Limitations & Future Work

  1. Symmetry Issues: When a shape is perfectly symmetric across its three principal axes, the PCA directions become ambiguous (\(\mathbf{b}_i \cdot \mathbf{v} = 0\)), causing the coordinate transformation to fail. The authors acknowledge that this scenario is rare in real-world industrial geometries.
  2. Single Dataset: Validation was only performed on the injection molding dataset (comprising 28 geometries). Generalization to other industrial scenarios (such as aerospace structural components, composite materials, etc.) remains to be verified.

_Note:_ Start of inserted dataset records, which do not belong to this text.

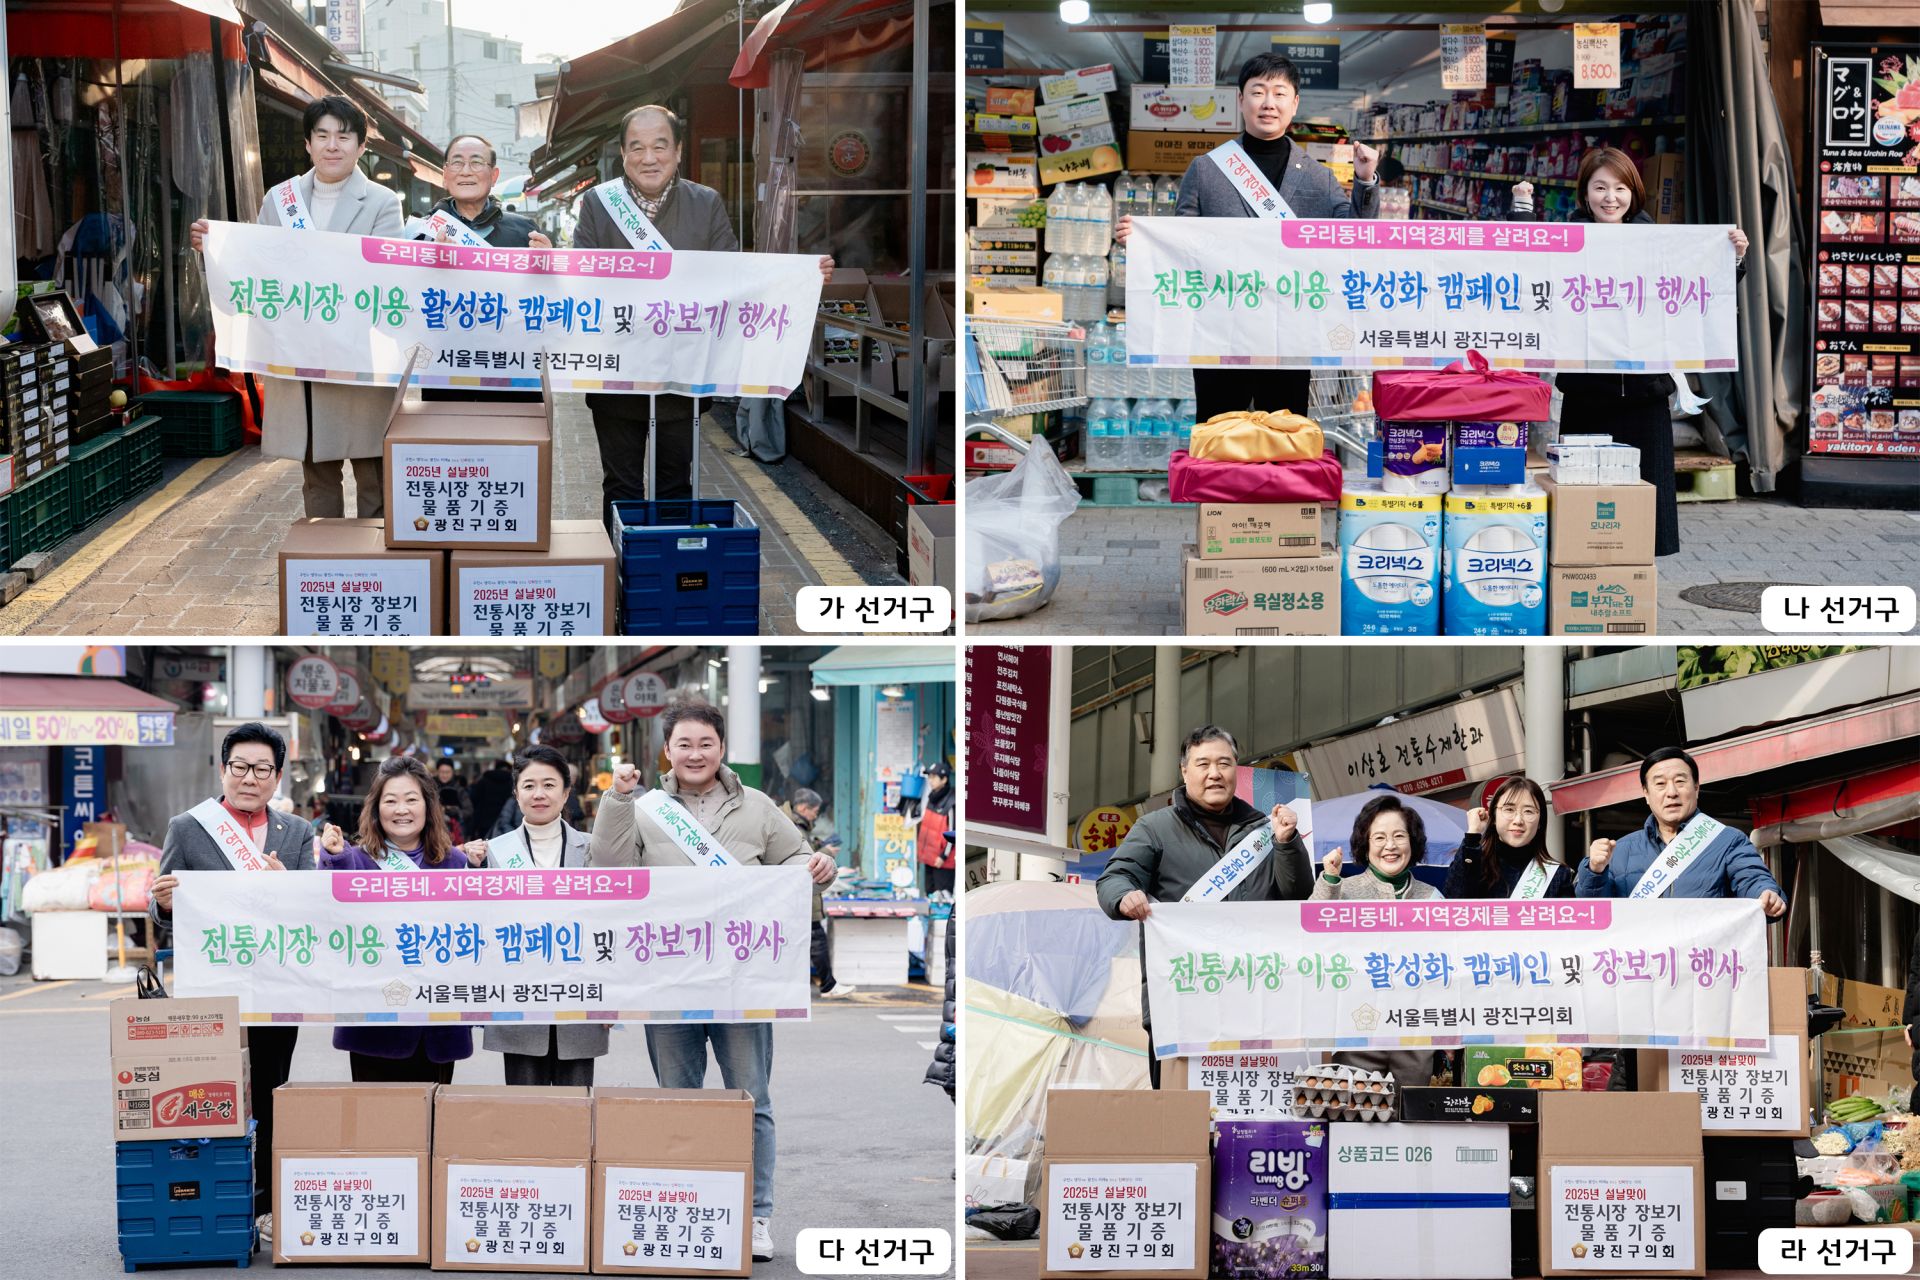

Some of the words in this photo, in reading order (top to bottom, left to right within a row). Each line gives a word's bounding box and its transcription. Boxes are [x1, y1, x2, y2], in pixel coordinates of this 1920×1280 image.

[1822, 149, 1839, 157] Tuna
[1058, 158, 1091, 173] 나주배
[1225, 153, 1277, 211] 지역경제를
[1297, 224, 1381, 244] 우리동네.
[1388, 225, 1486, 246] 지역경제를
[1491, 226, 1568, 247] 살려요~!
[379, 243, 463, 267] 우리동네.
[473, 250, 569, 273] 지역경제를
[577, 254, 655, 275] 살려요~!
[1151, 268, 1267, 311] 전통시장
[1275, 272, 1332, 310] 이용
[1341, 269, 1428, 312] 활성화
[1437, 271, 1522, 313] 캠페인
[1532, 279, 1552, 312] 및
[1561, 274, 1646, 315] 장보기
[1656, 276, 1713, 317] 행사
[229, 277, 344, 327] 전통시장
[354, 283, 411, 327] 이용
[421, 288, 508, 331] 활성화
[518, 295, 602, 333] 캠페인
[613, 304, 634, 332] 및
[643, 299, 730, 338] 장보기
[738, 303, 792, 340] 행사
[1359, 329, 1447, 350] 서울특별시
[1453, 330, 1541, 350] 광진구의회
[1829, 341, 1857, 351] おでん
[436, 347, 525, 370] 서울특별시
[532, 351, 621, 373] 광진구의회
[1388, 428, 1423, 438] 크리넥스
[1459, 429, 1495, 439] 크리넥스
[1826, 442, 1873, 453] yakitory
[1876, 444, 1884, 452] &
[1887, 444, 1916, 453] oden
[406, 466, 441, 478] 2025년
[448, 465, 489, 479] 설날맞이
[405, 480, 470, 498] 전통시장
[477, 481, 524, 499] 장보기
[1381, 500, 1406, 509] 특별기획
[1490, 502, 1515, 510] 특별기획
[1590, 521, 1622, 530] 모나리자
[1357, 555, 1424, 571] 크리넥스
[1467, 558, 1534, 574] 크리넥스
[300, 581, 335, 593] 2025년
[341, 580, 383, 594] 설날맞이
[473, 587, 509, 600] 2025년
[299, 596, 364, 613] 전통시장
[372, 596, 417, 613] 장보기
[1204, 592, 1248, 614] 유한락스
[1253, 591, 1325, 611] 욕실청소용
[996, 665, 1018, 680] 전주김치
[635, 677, 657, 692] 농촌
[996, 680, 1023, 695] 포천세탁소
[995, 708, 1022, 724] 풍년방앗간
[994, 738, 1016, 751] 보물찾기
[1347, 743, 1391, 778] 이상호
[1395, 722, 1484, 768] 전통수제한과
[993, 767, 1020, 781] 나들이식당
[655, 802, 710, 855] 전통시장을
[1665, 818, 1718, 869] 전통시장을
[1203, 848, 1254, 897] 이용해요!
[348, 876, 435, 898] 우리동네.
[444, 874, 545, 897] 지역경제를
[552, 873, 633, 896] 살려요~!
[1317, 907, 1404, 928] 우리동네.
[1411, 906, 1511, 928] 지역경제를
[1519, 905, 1595, 927] 살려요~!
[201, 923, 319, 966] 전통시장
[328, 924, 385, 966] 이용
[395, 922, 486, 965] 활성화
[495, 921, 583, 963] 캠페인
[593, 930, 615, 963] 및
[625, 919, 714, 963] 장보기
[724, 919, 786, 963] 행사
[1168, 951, 1287, 993] 전통시장
[1297, 952, 1354, 991] 이용
[1365, 951, 1453, 989] 활성화
[1463, 950, 1552, 988] 캠페인
[1561, 955, 1582, 986] 및
[1592, 946, 1679, 989] 장보기
[1688, 946, 1745, 989] 행사
[415, 982, 505, 1003] 서울특별시
[512, 982, 603, 1003] 광진구의회
[1385, 1008, 1476, 1028] 서울특별시
[1482, 1006, 1574, 1026] 광진구의회
[134, 1071, 160, 1083] 농심
[188, 1088, 206, 1099] 매운
[1443, 1095, 1472, 1107] 한라봉
[181, 1100, 233, 1120] 새우깡
[1337, 1145, 1400, 1163] 상품코드
[1405, 1146, 1432, 1162] 026
[1249, 1150, 1312, 1191] 리빙
[294, 1179, 328, 1192] 2025년
[333, 1178, 372, 1192] 설날맞이
[1062, 1186, 1099, 1199] 2025년
[1105, 1186, 1147, 1199] 설날맞이
[618, 1189, 652, 1201] 2025년
[658, 1189, 698, 1203] 설날맞이
[1250, 1196, 1278, 1207] 라벤더
[1565, 1188, 1600, 1200] 2025년
[1605, 1187, 1647, 1201] 설날맞이
[293, 1194, 353, 1212] 전통시장
[361, 1194, 406, 1212] 장보기
[617, 1203, 676, 1223] 전통시장
[686, 1205, 731, 1224] 장보기
[1061, 1202, 1125, 1221] 전통시장
[1134, 1202, 1182, 1221] 장보기
[1564, 1204, 1627, 1222] 전통시장
[1635, 1203, 1681, 1222] 장보기
[1291, 1263, 1310, 1272] 33m

  3. Homogeneous Material Assumption: The thickness processor assumes uniform materials. Multi-material or anisotropic material scenarios would require additional design.
  4. Limitation in Dynamic Scenes: The data-driven coordinate system is specifically designed for static analysis, requiring fallback to original coordinate systems for dynamic scenarios.

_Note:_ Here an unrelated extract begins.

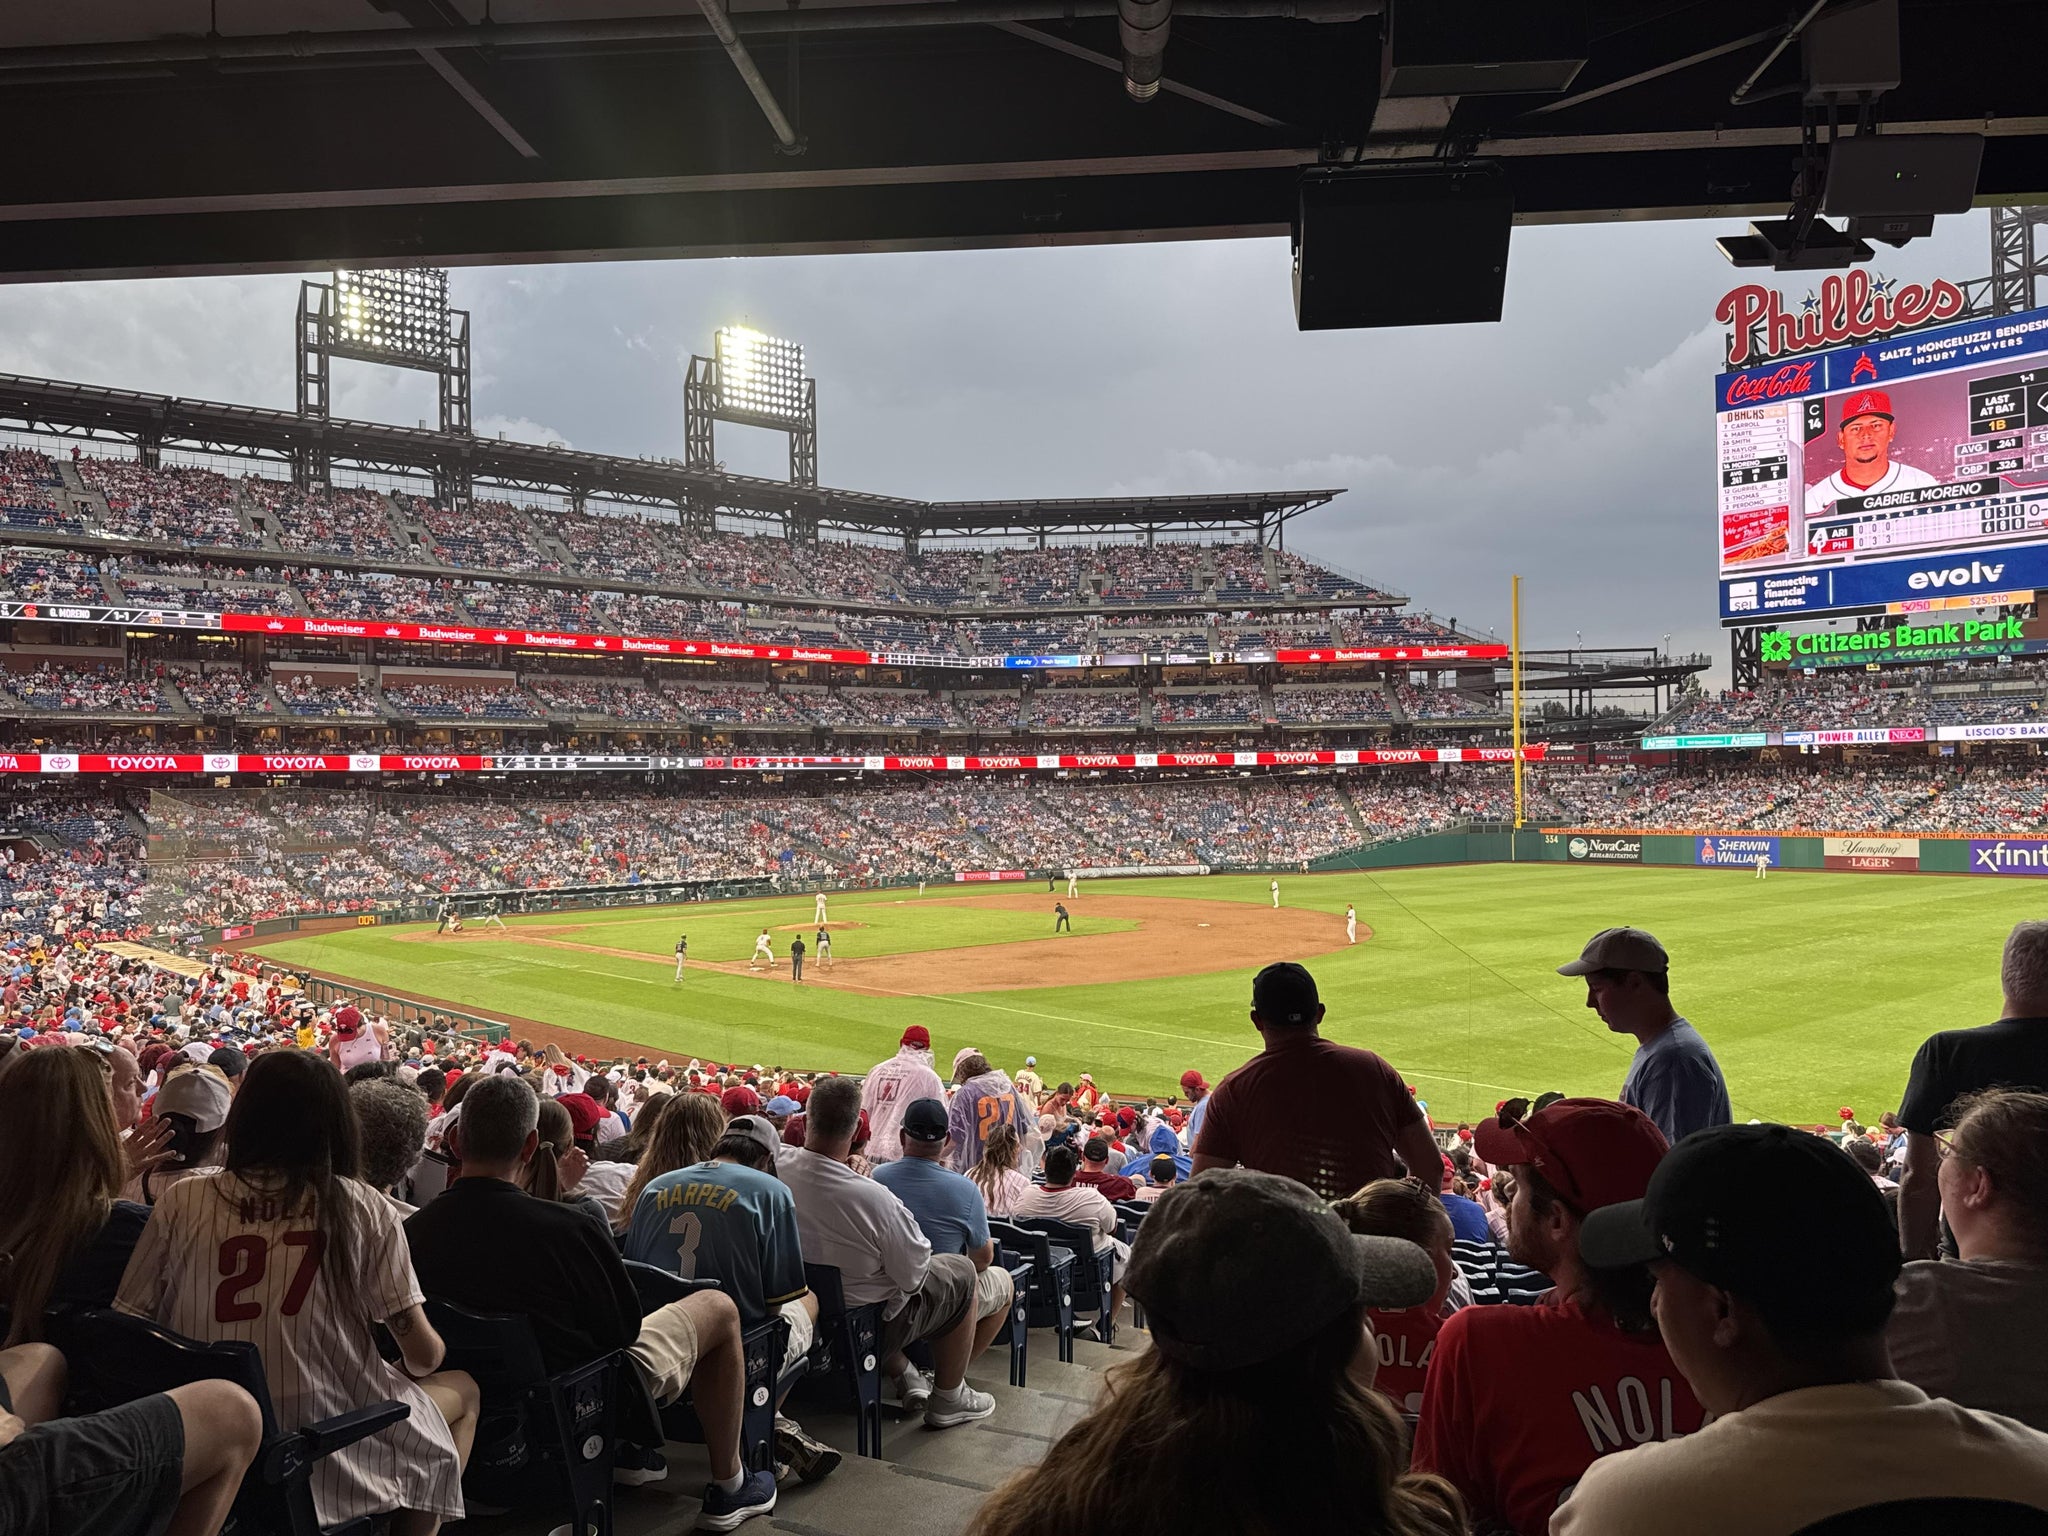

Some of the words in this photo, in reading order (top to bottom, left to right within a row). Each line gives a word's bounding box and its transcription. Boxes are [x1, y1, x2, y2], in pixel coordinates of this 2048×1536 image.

  • EGNN (Satorras et al., 2021): Guarantees E(3)-equivariance via message passing but fails to exploit global spatial information.
  • EMNN (Trang et al., 2024): Introduces geometric features like area and normal vectors on top of EGNN, yet still suffers from a limited local receptive field.
  • MGN (Pfaff et al., 2020): A classic method within the encode-process-decode framework that does not guarantee equivariance.
  • Insights: This work demonstrates a general strategy of "adding virtual cross-surface connections on surface meshes," which can be generalized to medical imaging (thin-walled organ analysis), CAD deformation prediction, etc.

Rating

Dimension Score (1-5) Explanation
Novelty 4 The combination of thickness edges, learnable threshold, and PCA coordinate system is clever.
Technical Quality 4 Solid theoretical foundation (including the equivariance proof) and sufficient ablation studies.
Experimental Thoroughness 3 Evaluated on only a single industrial dataset and one public dataset.
Value 4 Computationally highly efficient, directly applicable to industrial CAE scenarios.
Writing Quality 4 Clear structure with intuitive illustrations.
Total Score 3.8 A utility-driven equivariant mesh method with strong industrial applicability.